A New Year, but Little New from Gul

Diyarbakir's BDP-governed municipality welcomed President Gul with a banner in both Turkish and Kurdish. The banner welcomes "our respected president."  PHOTO from Hurriyet Daily News

President Gul is scheduled to end the year with a trip to Diyarbakir, the de facto capital of Turkey's largely Kurdish southeast. While things have significantly calmed in the region since the PKK's declared ceasefire in August, memories of a particularly violent summer remain vivid, both in the region and the rest of Turkey.

Gul's visit comes just two weeks after the Democratic Society Congress (DTK) announced proposals related to autonomy and language rights. In recent months, the DTK has been messaging that the region should adopt bilingualism. Gul, as expected, did not address the DTK proposal directly, instead returning to what the president has said before about diversity and a nation of many ethnicities. From Hurriyet Daily News:
peaking at a dinner with local businessmen in Diyarbakır late Thursday, Gül focused on unity, but said diversity should not be perceived as a threat.

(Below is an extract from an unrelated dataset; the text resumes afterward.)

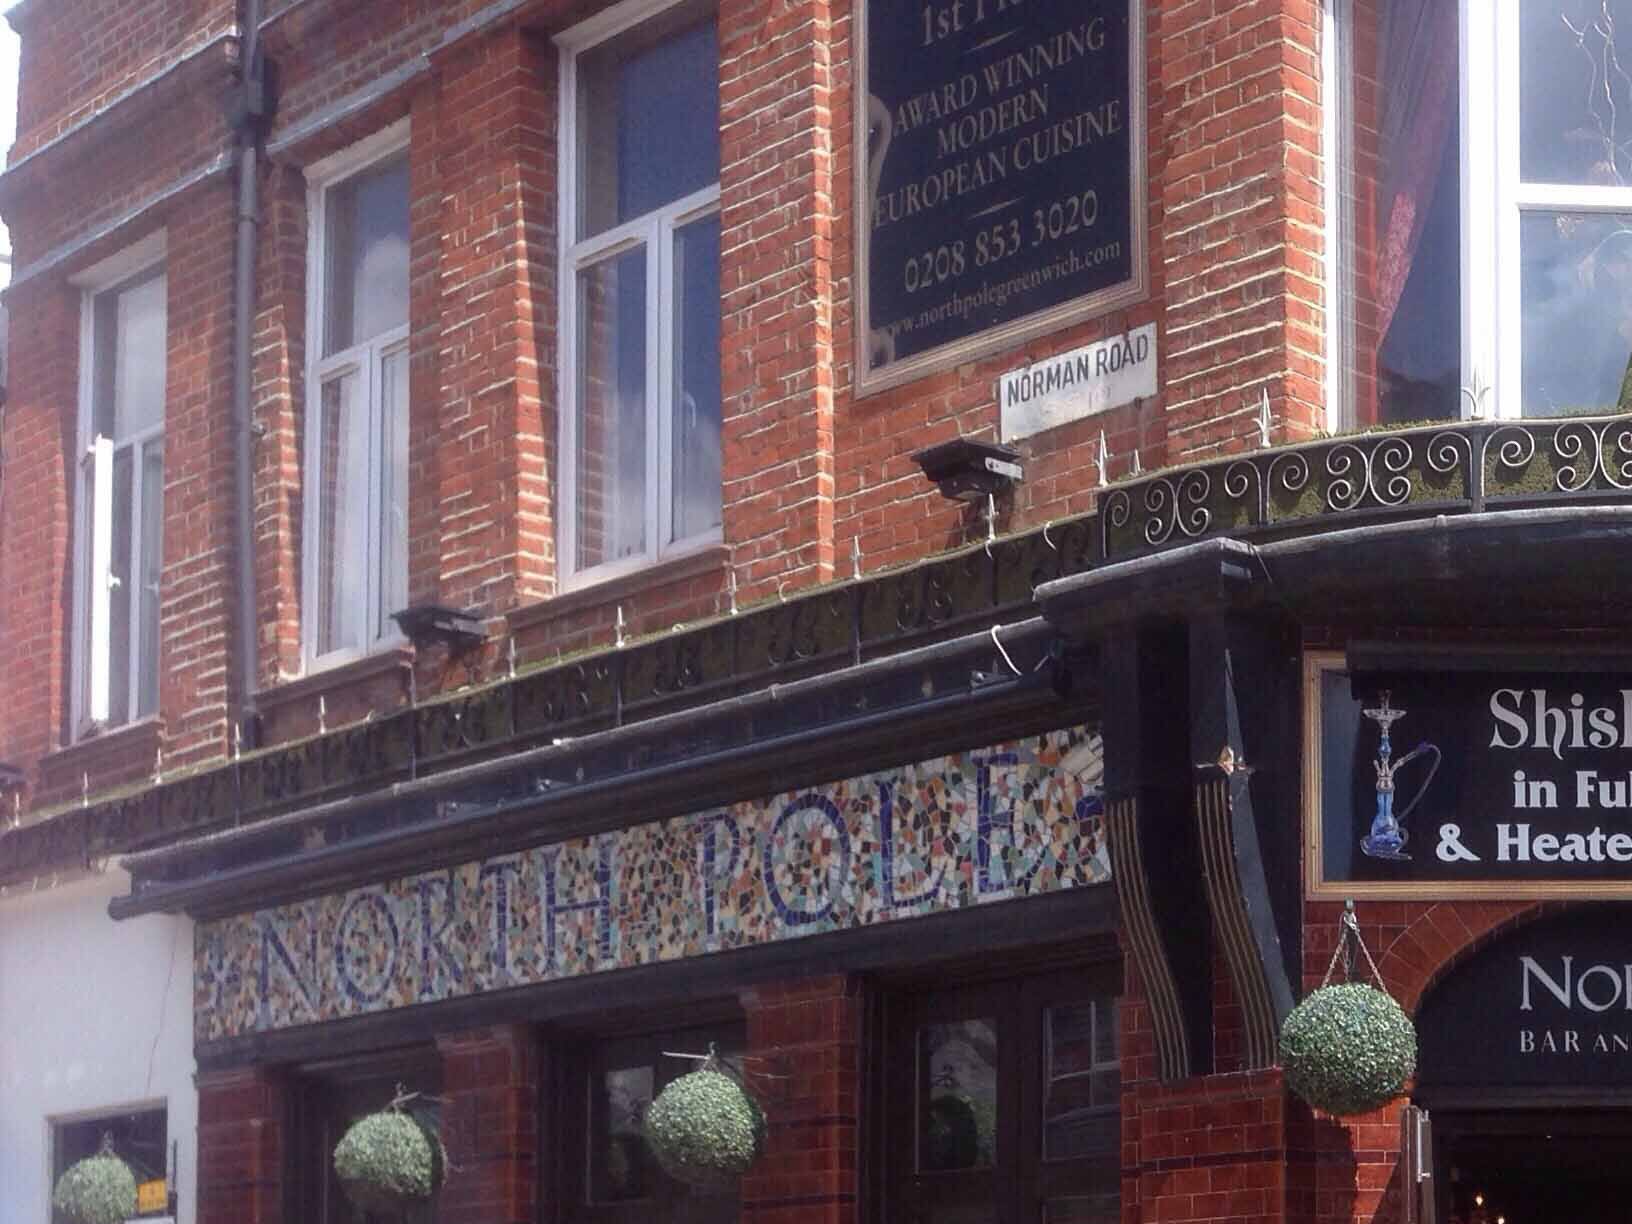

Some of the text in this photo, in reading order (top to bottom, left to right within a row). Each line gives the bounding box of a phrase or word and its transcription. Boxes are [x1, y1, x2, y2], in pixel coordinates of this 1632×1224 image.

“We are all pieces of a huge nation. There are differences in a big nation. However, we should see [our] diversity as richness,” Gül said. “If we see those differences as a threat, there may be problems.”

. . . .

The president also said there was nothing to be afraid of as long as each citizen saw Turkey as his or her homeland.

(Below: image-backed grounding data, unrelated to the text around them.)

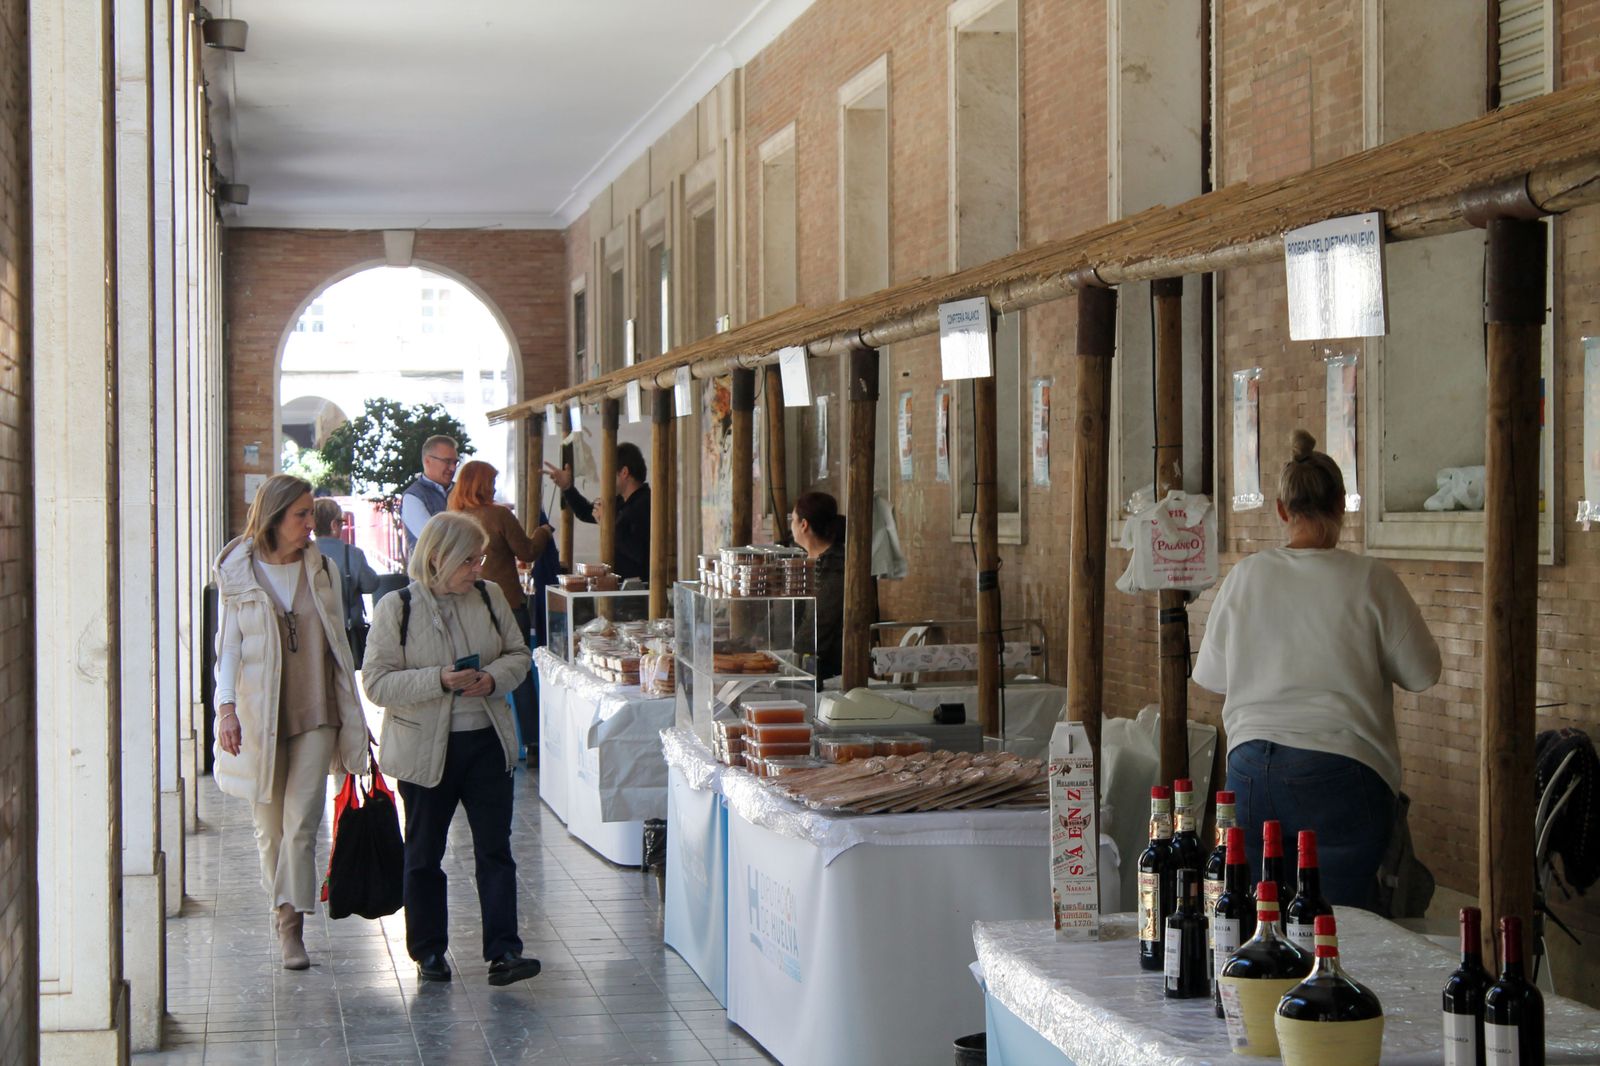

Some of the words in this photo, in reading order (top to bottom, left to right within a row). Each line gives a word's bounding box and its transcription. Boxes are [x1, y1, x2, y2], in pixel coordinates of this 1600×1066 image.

[1287, 239, 1311, 255] BODEGAS
[1312, 237, 1323, 253] DEL
[1350, 230, 1375, 247] NUEVO
[1157, 538, 1200, 551] PALANCO
[771, 911, 799, 959] HUELVA

“However, there are things we should be afraid of. If we start to behave as if our beliefs, traditions, and opinions on major matters are different, or as if this is not our shared homeland, that would sow the seeds of factionalism in this nation,” he said. “Then an atmosphere to be afraid of might emerge. Therefore, we should all act responsibly.”
As I have written here before, the difference between nation and ethnicity here is important to understand. Gul's understanding of "one nation" would be much more palatable to Kurds if it was based on civic identity. However, under the current constitution, all persons who belong in Turkey are a member of the "Turkish nation" and should be "happy to call [themselves] a Turk."

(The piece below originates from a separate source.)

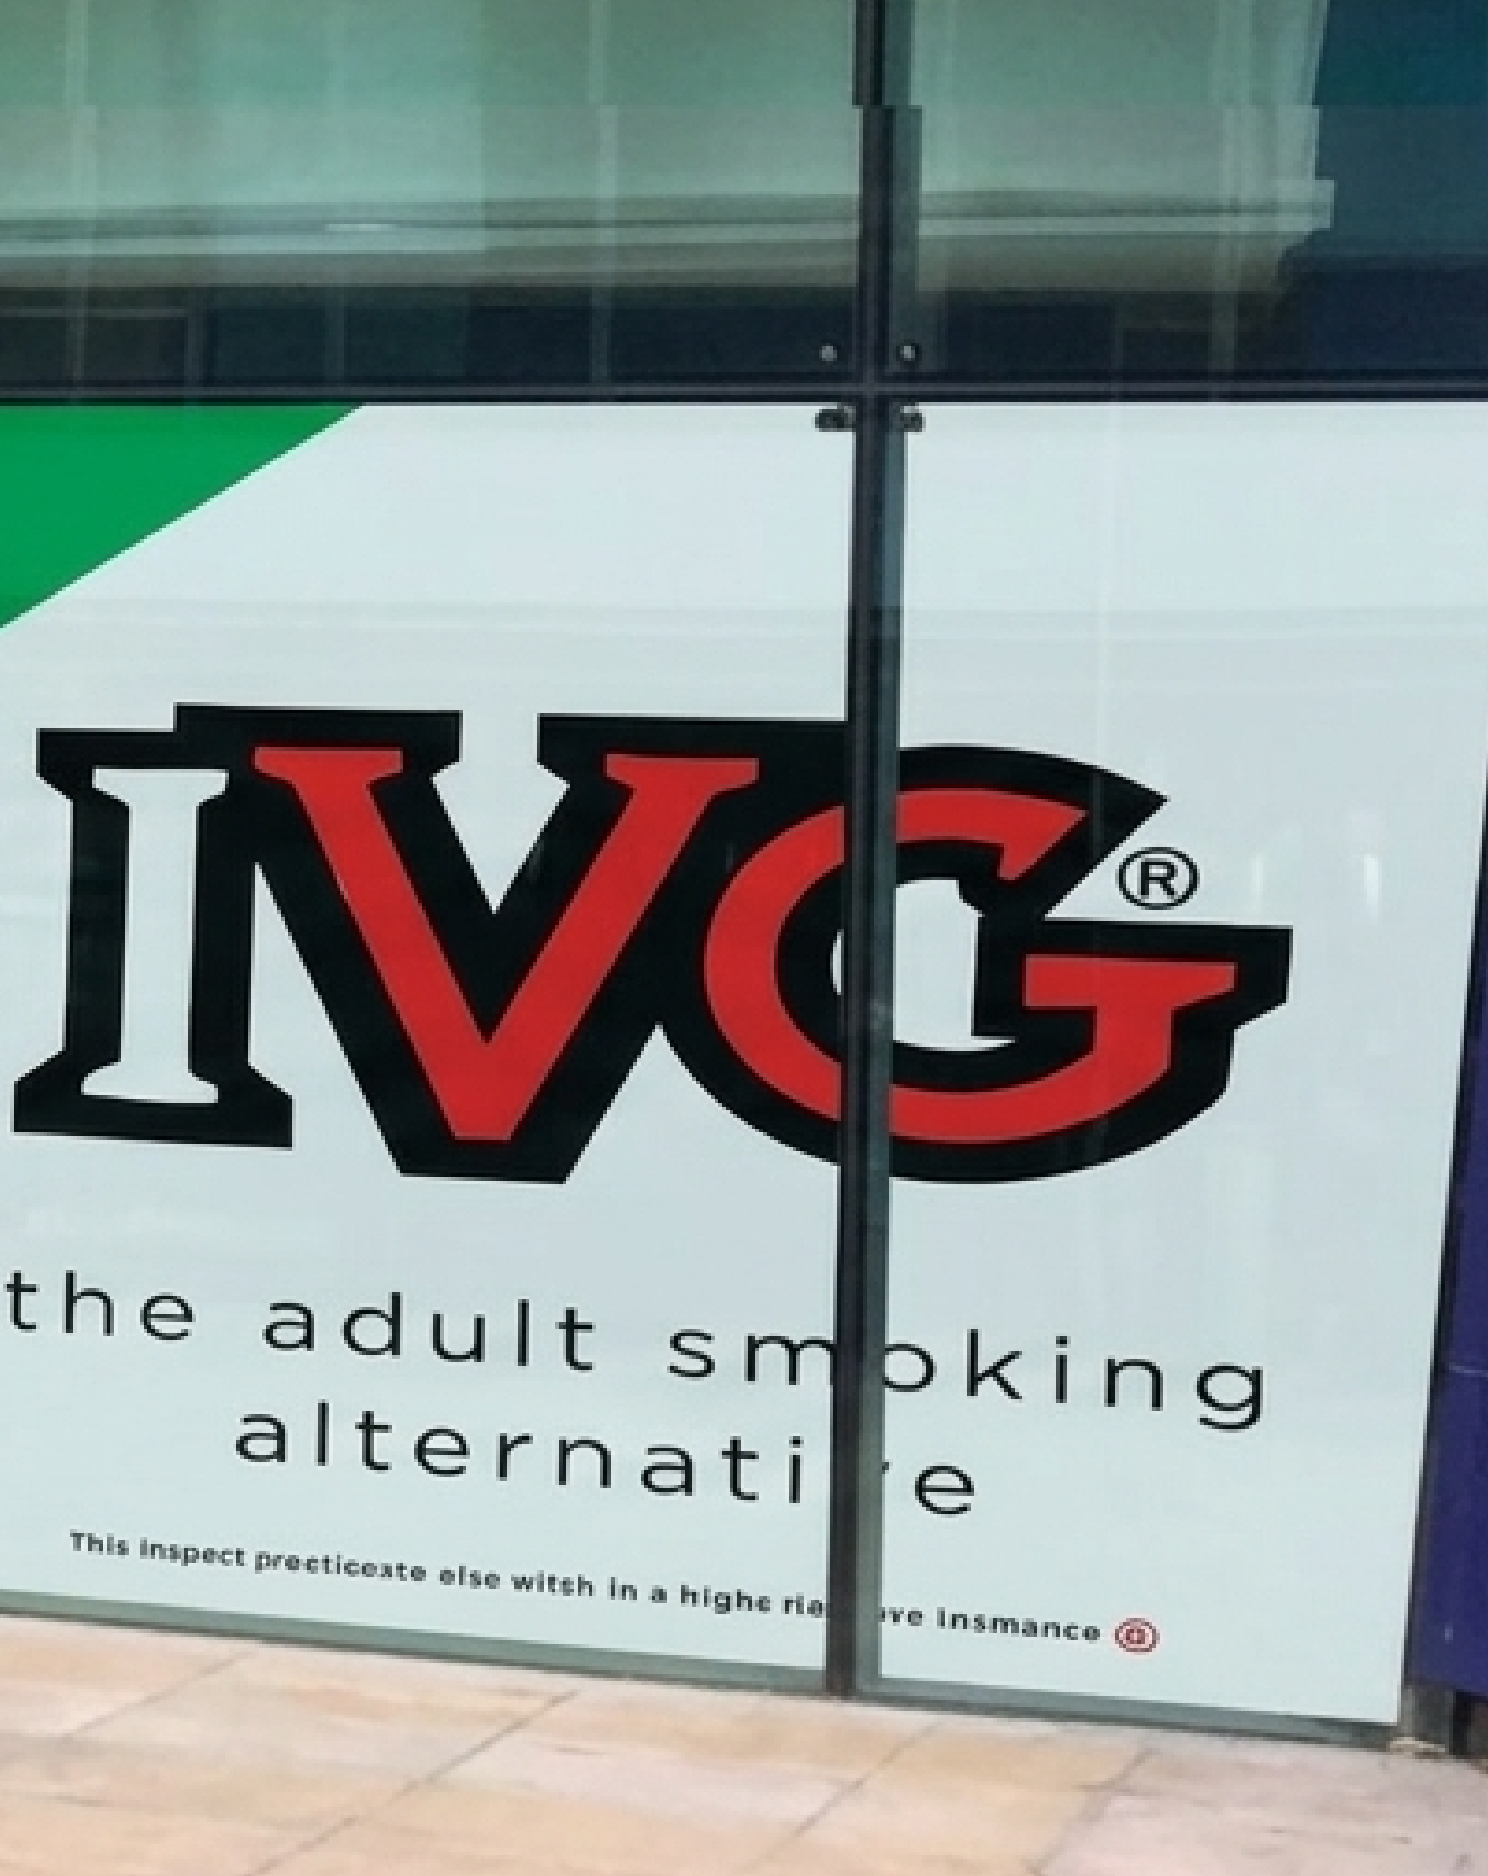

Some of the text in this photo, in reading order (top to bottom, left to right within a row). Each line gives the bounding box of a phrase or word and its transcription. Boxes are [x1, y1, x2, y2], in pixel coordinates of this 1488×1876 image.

[4, 1269, 196, 1340] the
[262, 1291, 596, 1373] adult
[236, 1400, 975, 1517] alternatie
[649, 1584, 668, 1604] a

Turkish nationalists have long argued that Turkish identity is not based on ethnicity, but on a sense of being wedded to a larger Turkish nation, one defined by "one language," " one flag," and "one people." It is no coincidence that interviews with Kurdish nationalist groups reveal the same sentiment about the Kurdish nation. Resolving the two nationalisms in a common civic identity free of ethnic chauvinism will be the challenge over the years, but so far nothing new from Gul here.

The president did gain the scorn of ultra-nationalist MHP leader Devlet Bahceli for visiting Diyarbakir's multilingual city hall, but scorn from the MHP's variety of ultra-nationalism is also nothing new.